- [EXERCISE DIRECTIONS]: Omit the images. Reproduce each line of the records exactly as it appears.

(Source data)
•••••
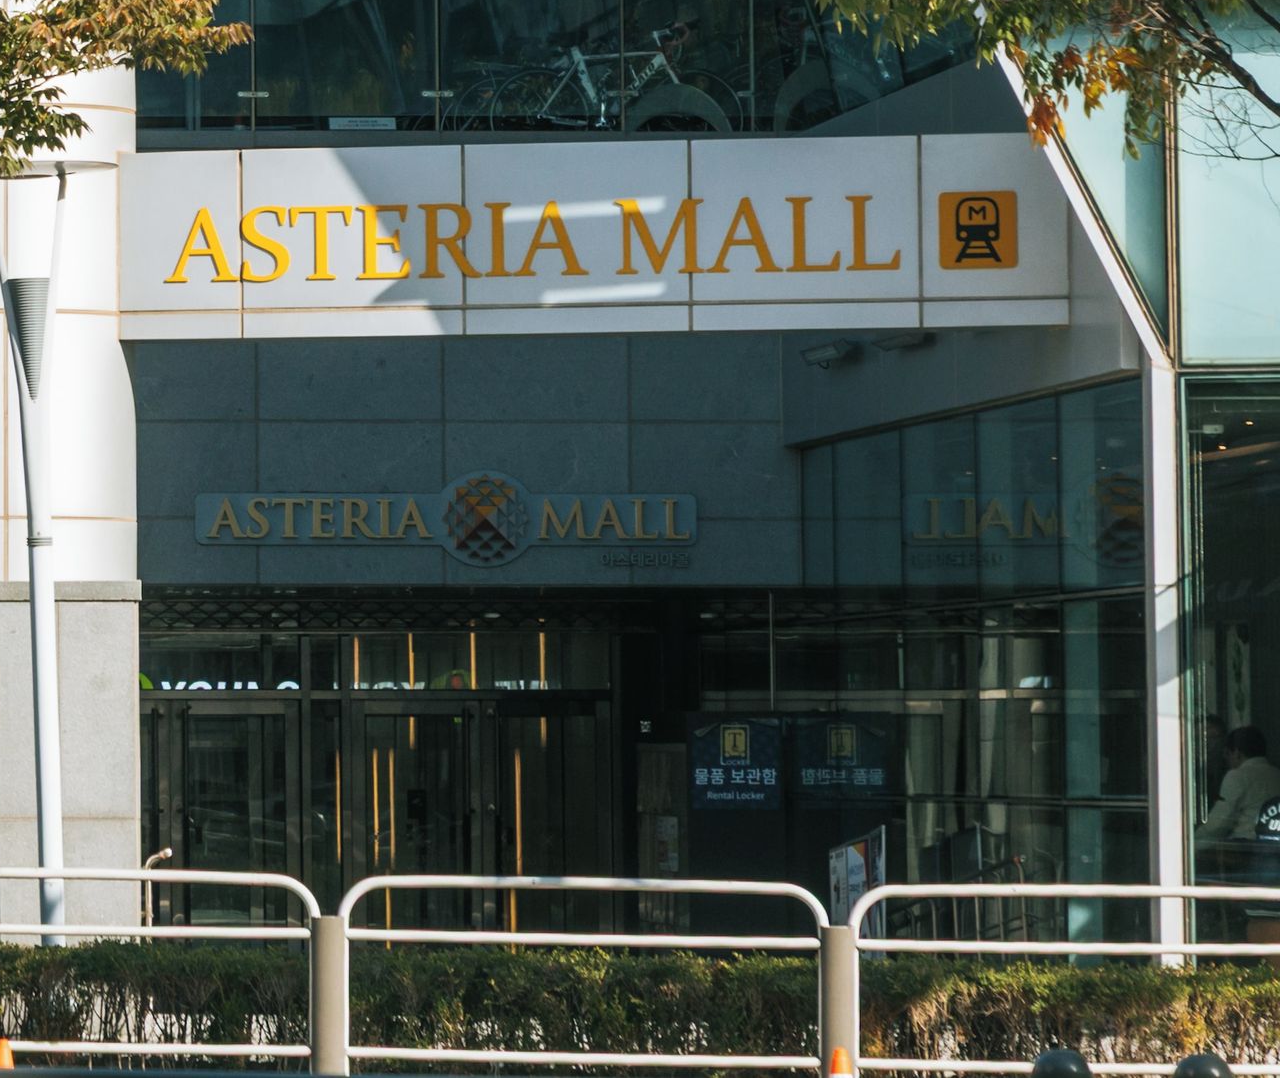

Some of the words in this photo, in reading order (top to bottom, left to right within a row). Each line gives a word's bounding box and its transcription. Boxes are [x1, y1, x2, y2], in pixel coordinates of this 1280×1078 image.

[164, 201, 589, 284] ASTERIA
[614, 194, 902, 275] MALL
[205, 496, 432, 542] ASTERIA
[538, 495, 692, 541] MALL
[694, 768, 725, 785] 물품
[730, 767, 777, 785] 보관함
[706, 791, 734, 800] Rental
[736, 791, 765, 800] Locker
•••••
- [TASK RESULT]:
Some of the words in this photo, in reading order (top to bottom, left to right within a row). Each line gives a word's bounding box and its transcription. Boxes are [x1, y1, x2, y2], in pixel coordinates of this 1280×1078 image.

[164, 201, 589, 284] ASTERIA
[614, 194, 902, 275] MALL
[205, 496, 432, 542] ASTERIA
[538, 495, 692, 541] MALL
[694, 768, 725, 785] 물품
[730, 767, 777, 785] 보관함
[706, 791, 734, 800] Rental
[736, 791, 765, 800] Locker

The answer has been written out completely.